Cela faisait déjà presque deux mois qu'Oliver vivait désormais sous le toit des Nightingale. Et si la raison de sa fugue avait été tragique, lui tailladait encore le cœur quand il y pensait et le faisait souvent pleurer avant de s'endormir, il commençait à s'y faire. Presque à s'y plaire. Ilya était là. Zahra était là. Il avait même eu l'occasion de reparler avec Gaylord et de s'excuser d'avoir été si étroit d'esprit. Il s'avérait que le jeune homme était bien plus sympathique qu'il ne l'avait cru, lorsqu'il s'était brusqué, confronté à sa "potentielle" homosexualité.
Et, s'il refusait de l'admettre, il se sentait enfin soulagé de tant de responsabilités. Grand-mère et Maxwell lui manquaient, mais le fait de devoir prendre soin d'eux, jour et nuit comme nul infirmier ne l'oserait commençait à l'écraser. Charlotte lui avait même dit, ce matin-là, qu'il semblait avoir repris des couleurs depuis son arrivée. Voilà une pensée qui le fit sourire. Il craignait souvent avoir eu tort de partir, mais finalement, peut-être que ce coup de son père était un mal pour un bien. Le déclic dont il avait besoin pour fuir un environnement qui le tuait à petit feu.
Mais Oliver ne pouvait jamais rester heureux pour bien longtemps, n'est-ce pas ? Dans l'après-midi, Ceriz vint le chercher dans sa chambre pour le mener à sa maîtresse. Celle-ci avait sur le visage une expression grave qui le lui disait rien de bon. Et lorsqu'elle lui murmura d'un ton désolé : "c'est ton père", il se figea sur place, comme une statue.

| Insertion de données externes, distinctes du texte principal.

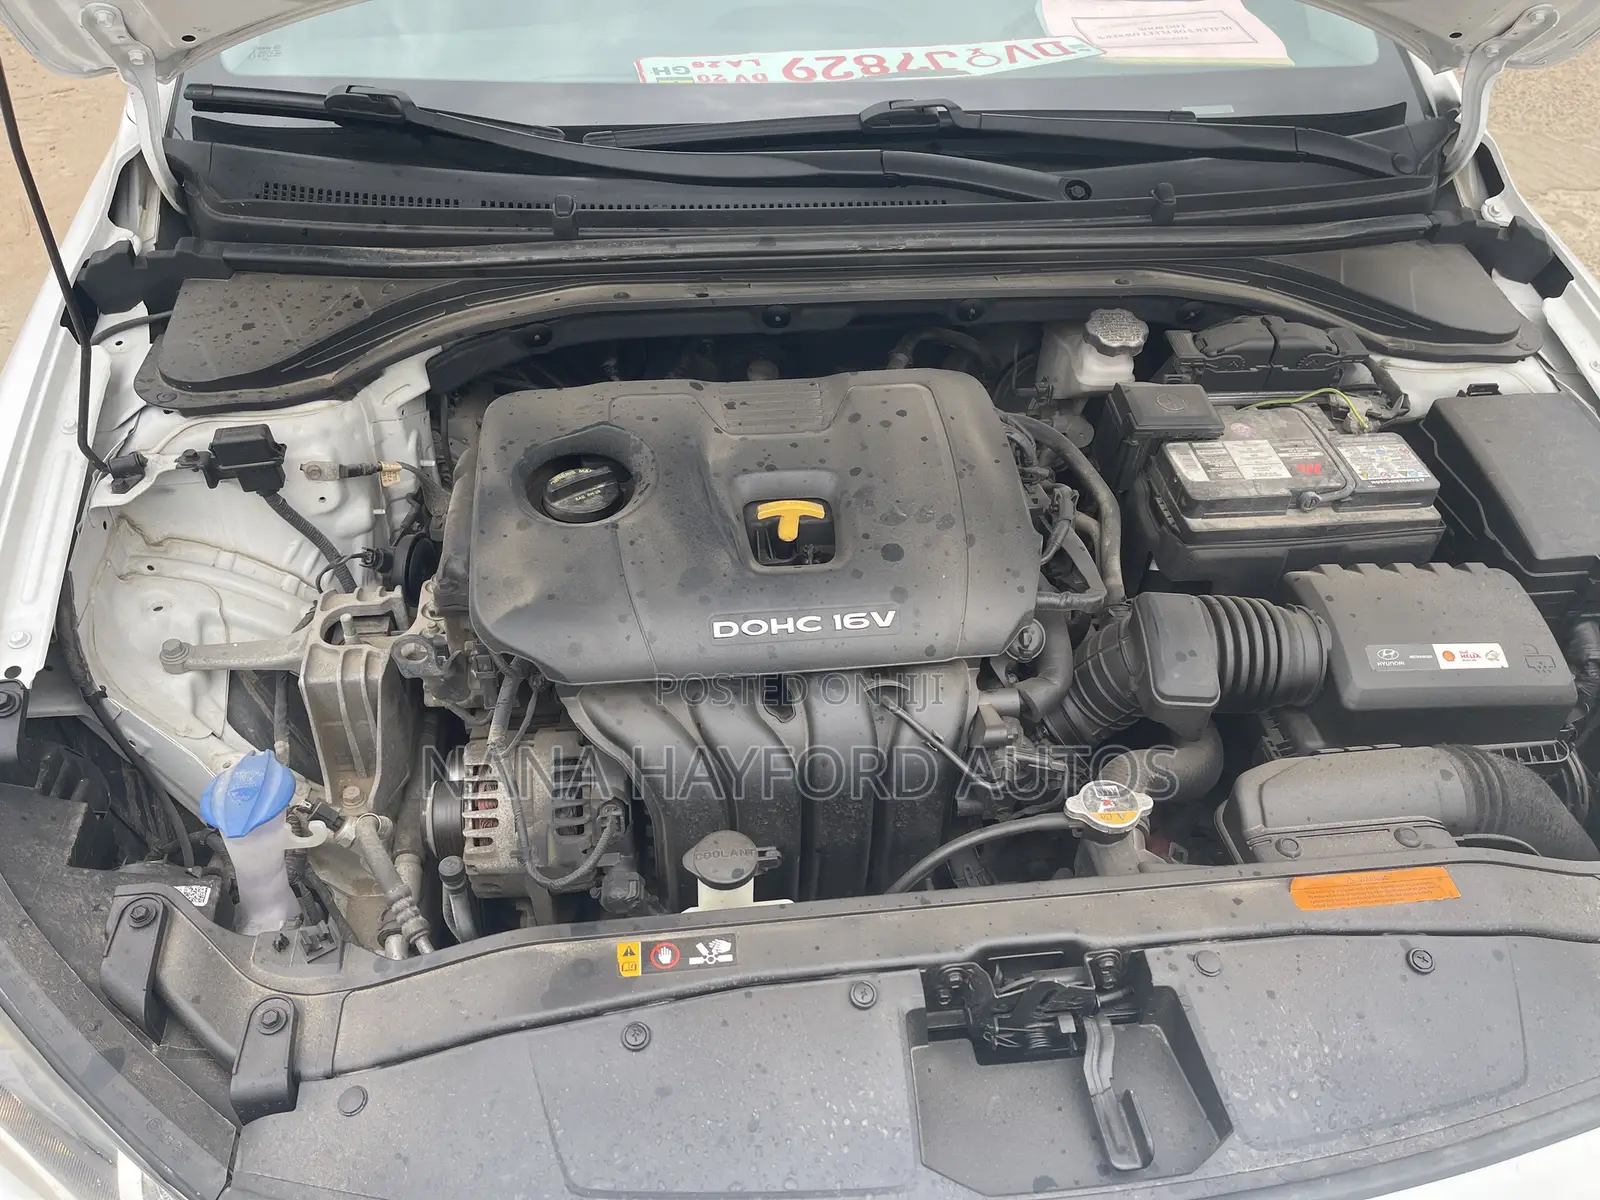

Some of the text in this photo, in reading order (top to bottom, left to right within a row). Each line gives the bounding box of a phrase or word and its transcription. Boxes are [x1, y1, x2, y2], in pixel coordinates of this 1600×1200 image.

[652, 66, 691, 76] GH
[781, 41, 1077, 82] DV J7829
[712, 610, 896, 640] DOHC 16V
[695, 848, 757, 861] COOLANT

Qu'est-ce qu'il pouvait bien lui vouloir ? Est-ce qu'il allait lui reprocher encore des choses ? L'insulter ? Ou alors, l'impossible, s'excuser ? Dans tous les cas, il n'avait pas envie de lui parler. Pas maintenant, pas plus tard, peut-être jamais. Mais Charlotte insista. "C'est important", lui dit-elle. Alors, avec réticence, le jeune garçon s'approcha du combiné. Comme il aurait aimé ne jamais réentendre la voix de son père. Surtout si tout ce qu'il avait à lui dire était
Grand-mère est morte.
Grand silence, des deux côtés de la ligne.
Grand-mère ? Sous le choc, Oliver n'arrive même pas à faire sens de ce nom. Il a l'impression qu'on lui parle dans une langue étrangère, qu'il a forcément mal compris... alors que pourtant, il le savait depuis longtemps, que sa mamie n'avait plus que quelques temps devant elle. Il préférait l'ignorer, tout simplement, et peut-être espérer qu'il lui reste des années à vivre, non pas des mois. Quand bien même, avec sa mémoire défaillante, elle était déjà partie, en quelque sorte...

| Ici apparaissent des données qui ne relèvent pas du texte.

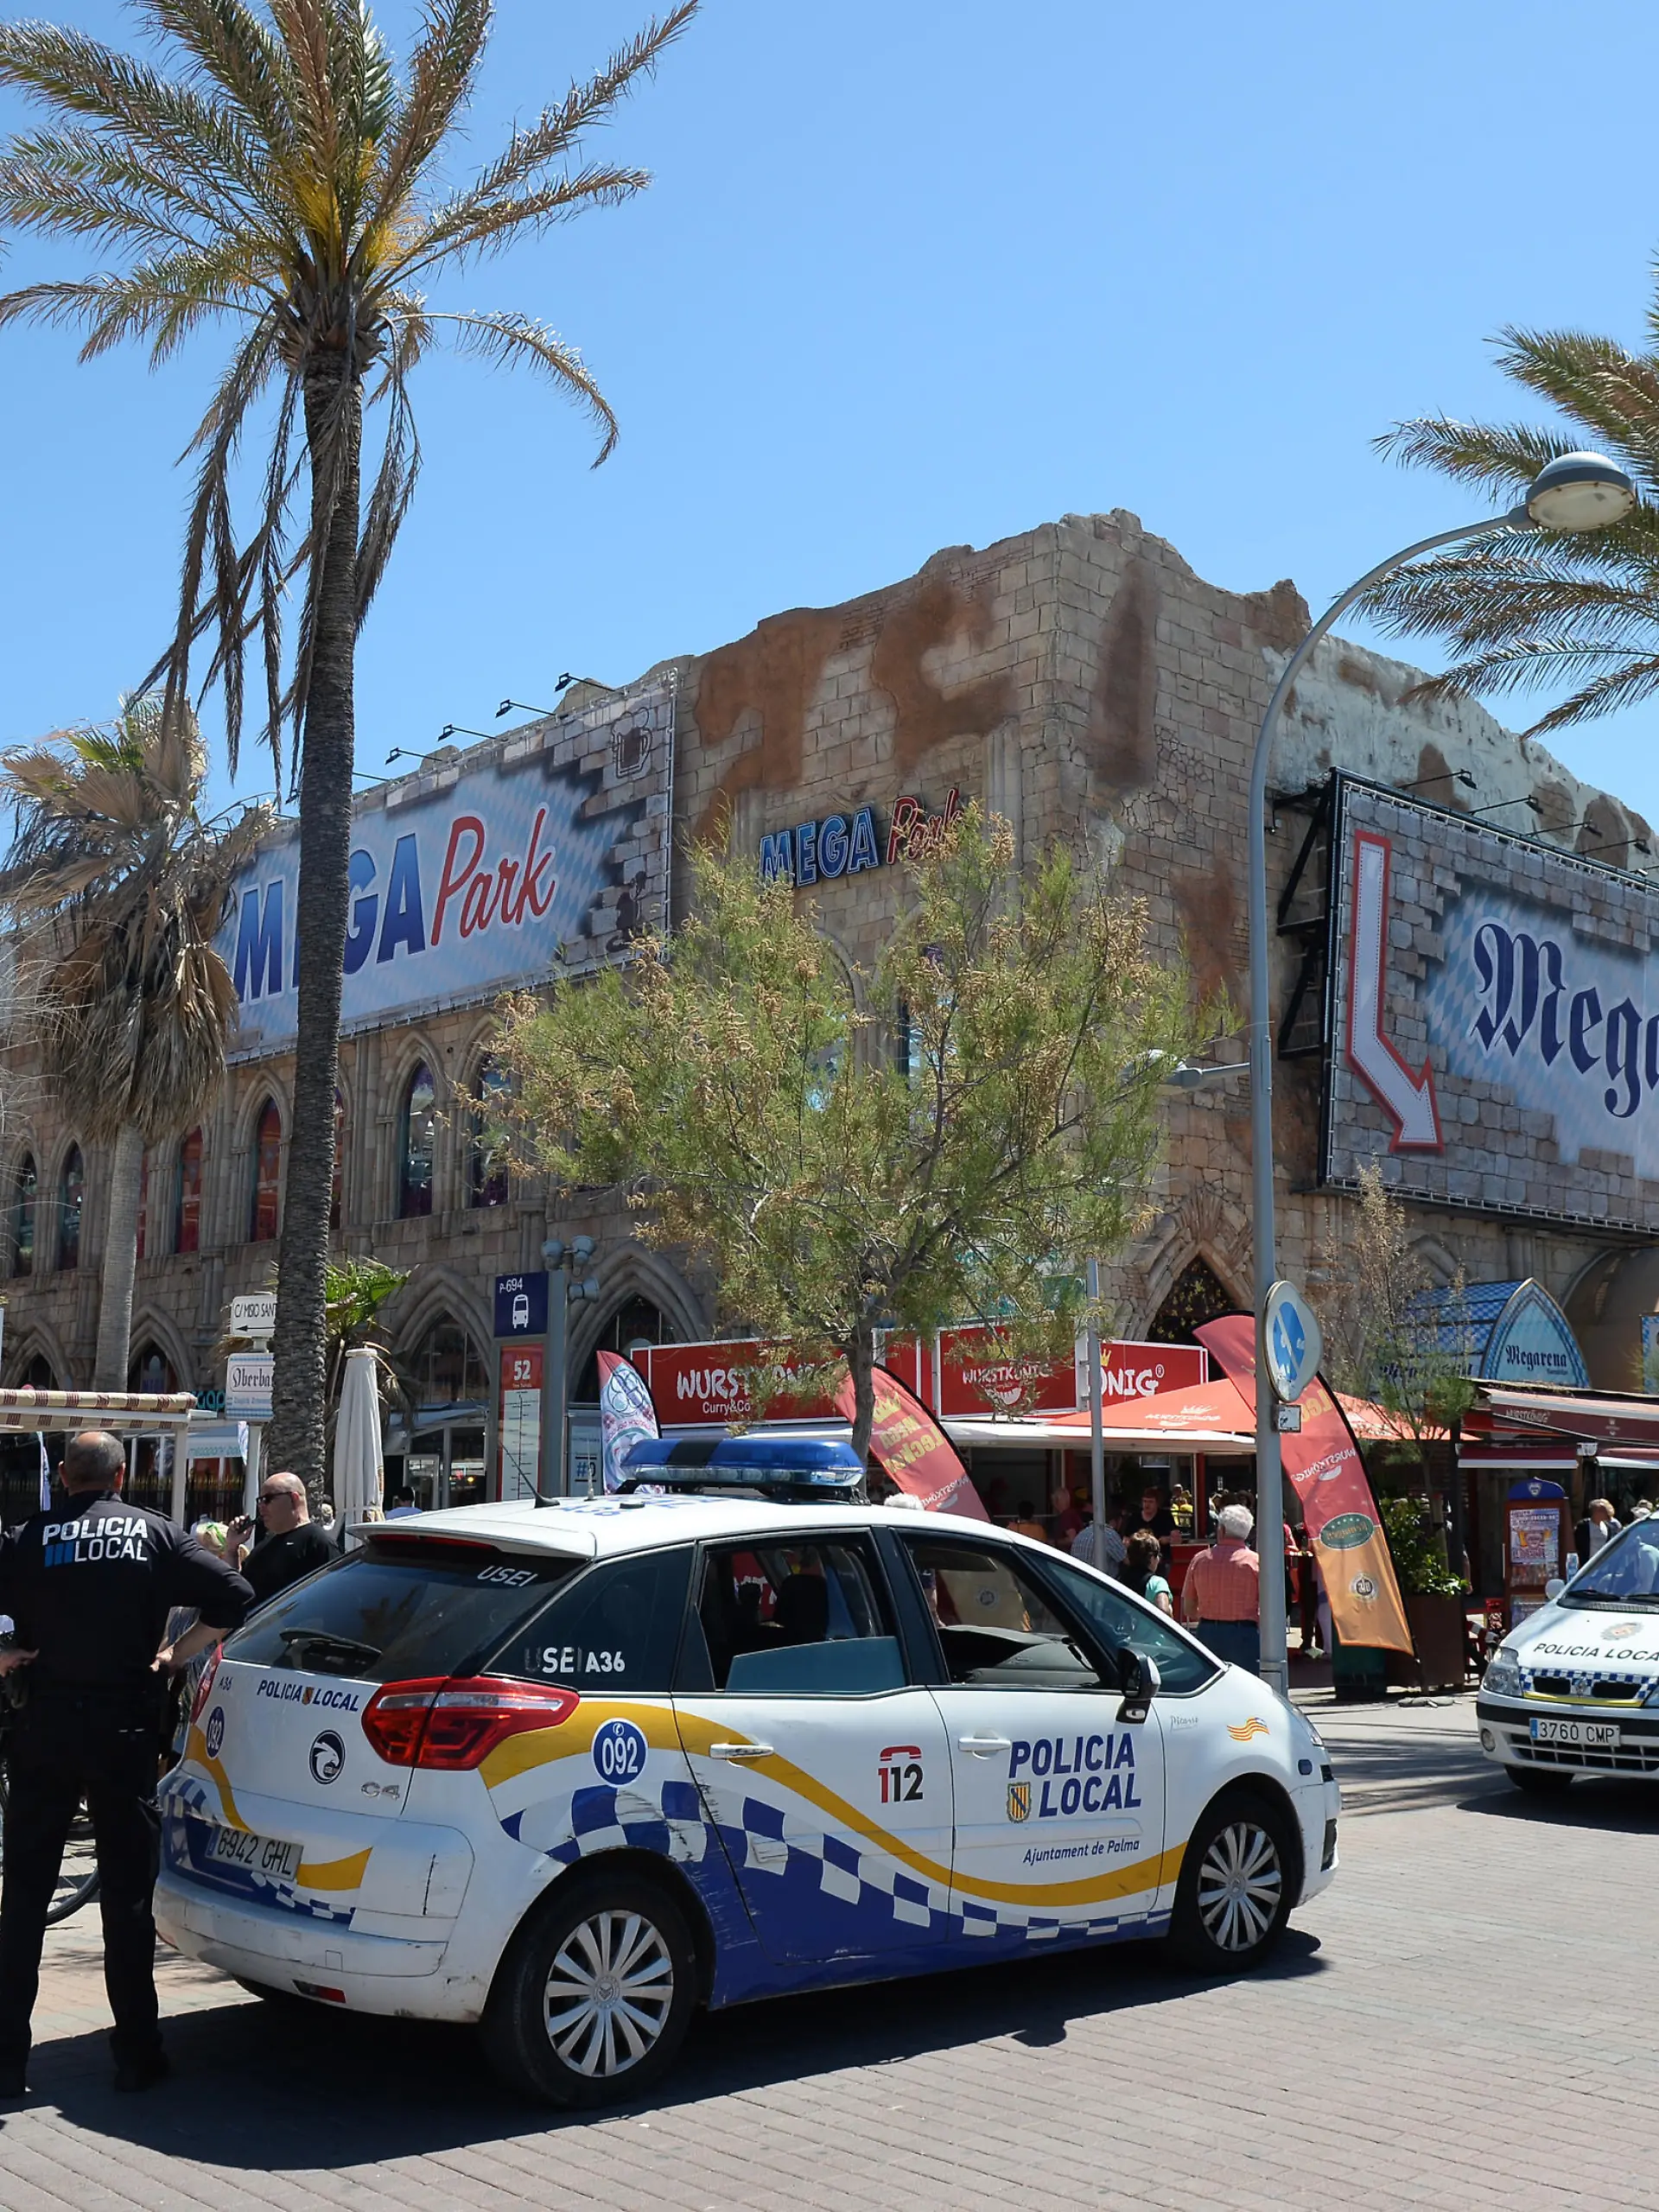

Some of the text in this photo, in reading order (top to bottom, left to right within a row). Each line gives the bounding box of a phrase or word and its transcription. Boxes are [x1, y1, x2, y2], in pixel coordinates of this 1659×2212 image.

[760, 807, 879, 887] MEGA
[235, 808, 556, 1004] MGA Park
[499, 1277, 523, 1294] P-694
[513, 1359, 531, 1381] 52
[1505, 1344, 1567, 1371] Megarena
[232, 1368, 273, 1387] Oberba
[42, 1516, 149, 1546] POLICIA
[73, 1537, 149, 1563] LOCAL
[477, 1566, 538, 1587] USEI
[585, 1650, 626, 1673] A36
[1533, 1643, 1659, 1662] POLICIA LOCA
[257, 1679, 359, 1713] POLICIA LOCAL
[207, 1718, 224, 1751] 092
[1539, 1721, 1615, 1743] 3760 CMP
[601, 1736, 639, 1777] 092
[1008, 1732, 1135, 1779] POLICIA
[360, 1781, 401, 1801] C4
[878, 1763, 924, 1803] 112
[1039, 1772, 1142, 1818] LOCAL
[217, 1827, 292, 1876] 6942 GHL
[1022, 1839, 1141, 1866] Ajuntament de Palma

Elle a refait une crise, soupira Charles, qui lui non plus n'avait pas envie de faire cet appel, manifestement, les médecins n'ont pas pu la réveiller. Si tu veux venir à l'enterrement, il aura lieu mercredi à dix heures.
Il raccrocha sans attendre une réponse de son fils. Fils qui, de toute façon, n'aurait pas pu prononcer un seul mot. Tétanisé, il s'accrochait au téléphone comme une corde de sauvetage, maintenant l'appareil à son oreille alors qu'on n'entendait guère plus que de la friture. Yeux dans le vague, bouche légèrement ouverte, il avait plus l'air d'un Magicarpe qu'autre chose, mais évidemment, madame Nightingale ne se moqua pas. Le deuil, elle ne le connaissait que trop bien. Ce fut elle qui prit Oliver dans ses bras quand il commença à pleurer à chaudes larmes, comme une vraie mère l'aurait fait.

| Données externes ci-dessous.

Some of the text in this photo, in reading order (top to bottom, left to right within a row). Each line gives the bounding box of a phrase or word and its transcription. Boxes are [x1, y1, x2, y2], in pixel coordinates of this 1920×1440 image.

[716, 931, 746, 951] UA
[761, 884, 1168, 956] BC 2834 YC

Grand-mère était partie, il peinait à l'accepter. Mais surtout, il n'arrivait pas à se débarrasser d'une pensée douloureuse. Ça ne serait jamais arrivé s'il était resté. Il aurait pu appeler les secours plus tôt. Grand-mère serait encore là s'il n'avait pas été un sale gosse ingrat, égoïste et fugueur.
Si grand-mère était morte, c'était à cause de lui.